Ed Ricks: If you could remove the clinical benefit, what’s it. It’s going to be huge in that probably above anything else. We’re going to create some of the efficiencies that other industries have been working with for 15 years, you know, [00:07:00] the way they’ve used digital and sort of input it in their business from buildings to, operations, to people in the way they actually manage what’s going on.

So to me, that’s going to be one of the biggest gains, certainly because there’s so much technology available that we’ve underutilized from an operational perspective for years, it will be integrated into our day to day lives. Probably.

Bill Russell: Yeah, it is, it will be interesting to see, and we’ll go into more detail of, of where that sort of integrates and what that looks like, in the hospital.

You know, [00:07:30] Eli from a CIO perspective, digital is taken hold. Why is that a good thing?

Eli Tarlow: Well, first of all, why digital hasn’t taken hold historically in healthcare. And, you know, we can spend hours talking about why the healthcare industry lags behind. Others, as it relates to technology, you know, for one reason, healthcare, we have to be more risk adverse or risk balanced.

It is human life. it’s more it’s science as well as art. but with every crisis that comes opportunity. And with [00:08:00] most recently with the coronavirus, a lot of the things that we’re seeing in the last two weeks are things that we know. We haven’t been able to progress on whether it was. For funding reasons, legal reasons, et cetera that have now really propelled and, and, has gone for the last couple of weeks.

I’m personally excited about a lot of the things you’ll be able to accomplish. And I, I’m really excited about the fact that that will be sticking as you pointed out.

Bill Russell: Yeah, it will be interesting. you know, Fred, from, from your [00:08:30] perspective, you know, we’ve talked about patient room now in future, and the, technology foundation for that, you know, why is it a good thing that the digital technologies will be coming in, you know, was there, or were there challenges with the existing technology?

Were there things we were unable to do that now we’re going to be able to do.

Fred Holston: Well, I think so a part of it was that we wanted digital technology or technologies. I wanted [00:09:00] to start the study around digital, to influence healthcare, whether that’s decision, support, protocols, support, whether that’s the HR, regardless of what it is, but we kept layering those on without figuring out the workflows.

And the workflows now have gotten, we used to call it, we needed a tool belt for a nurse, cause there were so many things I needed to carry around or do so many computers. So the type on, so there’s two pieces. Yeah. The digital side one ends that we’re going to hopefully create better workflows and that the computer does more, but [00:09:30] actually gets out of the way.

But the other is, is that in many of our healthcare patient rooms, we can’t do the surveillance or monitoring of patients. Like we really would like to hook them up to a heart monitor. That’s one thing. Then later that’s one thing, a pump. That’s one thing. But when they’re just in the patient room, who’s watching them.

The nurse can’t be there all the time. The family may or may not be there all the time, the digital influence on what we’re going to be able to watch going forward and what we’re going to be able to learn about people and how we change their care minute to minute. [00:10:00] And then as they go home with what we’re going to be able to watch, I think will be a huge impact in the future.

Bill Russell: Yeah, I agree. So the, you know, the COVID-19  pandemic that we’re currently dealing with. We’ve seen, organizations revamp those workflows on the fly. Right. And so we’ve, we’ve put some things in place and we revamped some of the workflows and obviously some of that stuff will have to be thought about when we’re not in a moment of crisis.

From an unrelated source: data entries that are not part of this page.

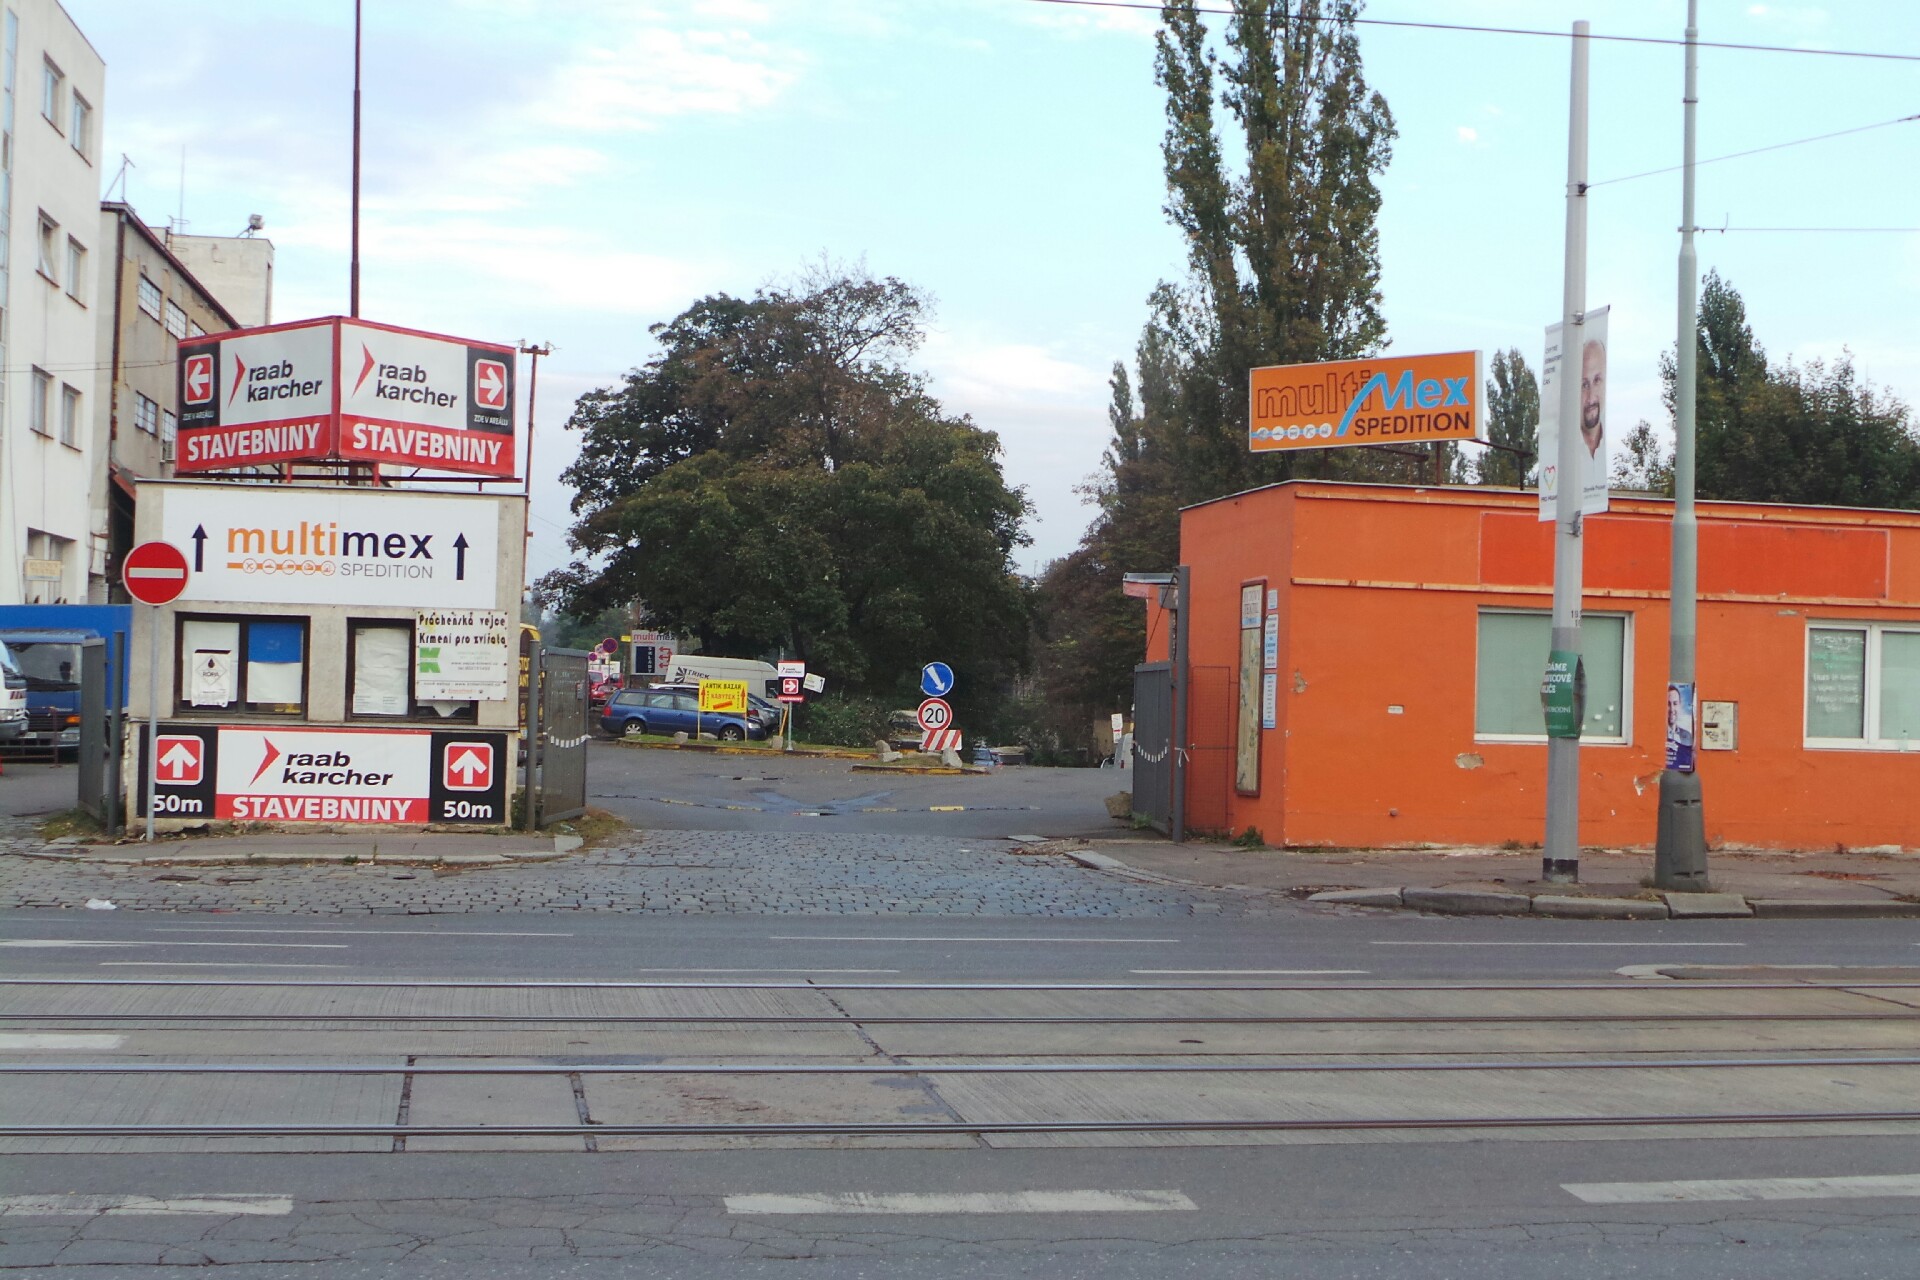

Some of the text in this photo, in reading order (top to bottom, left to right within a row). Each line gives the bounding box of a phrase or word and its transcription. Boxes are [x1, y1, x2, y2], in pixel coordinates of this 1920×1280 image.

[249, 360, 294, 382] raab
[378, 361, 427, 383] raab
[248, 378, 322, 403] karcher
[376, 380, 457, 409] karcher
[1354, 411, 1470, 437] SPEDITION
[187, 423, 320, 462] STAVEBNINY
[352, 423, 503, 466] STAVEBNINY
[227, 521, 434, 560] multimex
[340, 562, 433, 580] SPEDITION
[480, 614, 506, 629] vejce
[455, 635, 470, 646] pro
[925, 708, 944, 723] 20
[286, 751, 351, 768] raab
[282, 768, 393, 787] karcher
[153, 794, 203, 813] 50m
[232, 797, 412, 821] STAVEBNINY
[443, 800, 492, 819] 50m

So let’s, let’s [00:10:30] assume let’s, let’s fast forward a little bit. cause we could talk about now, but right now people are still sort of battling through crisis mode and, and you know, it’s amazing that we stood these things up there. They’re filling gaps, but if we were to step back and start to think about.

I’m setting this up in a, in a way that is, you know, is purpose-built planned thought through, in order to get the, you know, the best outcomes for the health system. you know Ed, we’ll start with [00:11:00] you, you know, what, what kind of outcomes are we looking for? What kind of workflows and what kind of outcomes would we be looking for? From really transitioning from brick and mortar to more technology enabled workflows and processes.

Ed Ricks: Yeah. I mean, I think the word that always comes to mind for me, bill is flexibility. Right? So you, I mentioned sort of, Necessity is the mother of invention. And so people are accelerating what they’re doing today, which is incredible. When I’m talking to [00:11:30] friends in the industry, what they’ve done on the last two or three weeks, it probably is more than they’ve done from a change perspective in the last two or three years. Really when you think about your clinical workflow and everything to the organization, so building flexibility, using a thinking more virtually beyond the bricks and mortar, cause we’re sort of stuck with the bricks and mortar that we have, you know, for our own perspective. And I know we’ll get into some of the concepts in a little bit, but today we have what we have, right? So you’re seeing the popup tents. You’re seeing people [00:12:00] converting recovery rooms to temporary ICU and things like that really quickly.

And the plans were probably already, always in place for that. But now it’s gone into action and you learn from that, which is the other good thing really from this. Is everything that people are going to learn. Well, they can improve on. So, you know, most of them organizations over the last 15 years or so adapted some sort of maybe lean technology for performance improvement.

And this is really accelerating that even the, so this is like make a change is a better, good. If it’s not better, make a different change and keep going on. [00:12:30] And that is the stuff that sort of really excites me and energizes me in what people are doing.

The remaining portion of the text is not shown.